My next play would be a tool that tailed the file (stdin) and wrote periodic line counts to a log (stdout), so you could start it and just check the log occasionally. It could be scripted as I described above, or PERL or C. You could even have it do cr as line separator and just look at the dedicated xterm for the counts as they overwrite periodically.
PS: the critical right buffer size for fwcl varies by system, so it might be nice to try sizes from 8 K up and see how it varies. You want to empty any disk cache or controller block, but not exceed it. Since many files are sequentially written to media, big blocks ensure fewer seeks and other sequential advantages are mined.
I suppose you could partition the file and do separate processes or threads to count each segment. Probably, the advantage dies after 2 threads, as the disk i/o is saturated. However, as the disk gets less sequential, this might help by queuing a lot of requests, driving a good disk queue manager to sweep the carriage in and out satisfying block requests in cylinder order, and keeping the queue on every SCSI spindle from going empty.
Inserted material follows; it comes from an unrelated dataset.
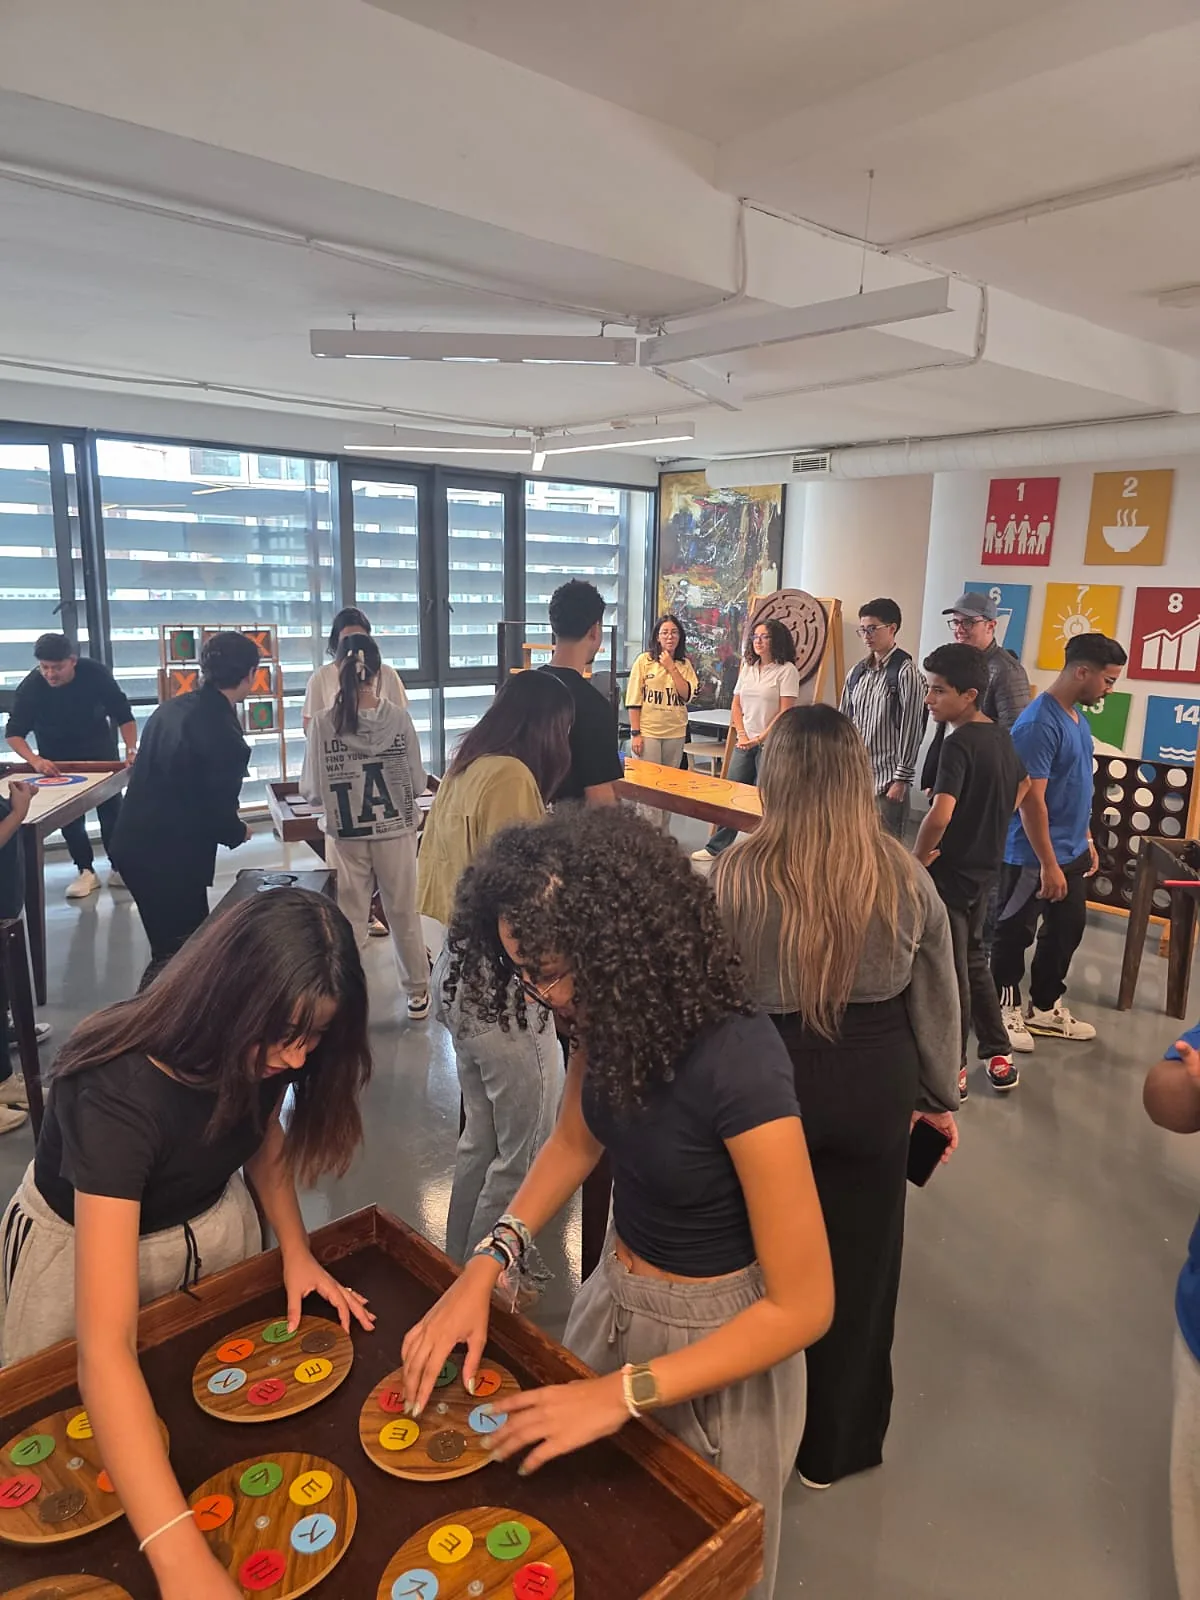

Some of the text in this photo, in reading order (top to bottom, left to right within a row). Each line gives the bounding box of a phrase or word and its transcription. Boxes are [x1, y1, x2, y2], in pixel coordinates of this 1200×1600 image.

---------- Post updated at 02:00 PM ---------- Previous update was at 01:52 PM ----------
You can get the size cheap with ls -l, and there is very likely an average line length, but if you just have to know the line count, estimates will not satisfy that daemon, which is not logic, but psychology.
---------- Post updated at 02:05 PM ---------- Previous update was at 02:00 PM ----------
Once I wrote a tool that took file names from stdin, mmap64()'d each file, did a string search in the map and munmap64(). With a long file list, it was amazingly good at stopping every other process dead -- rolled out. So, mmap() is fastest, but this task is not the foremost priority of this system.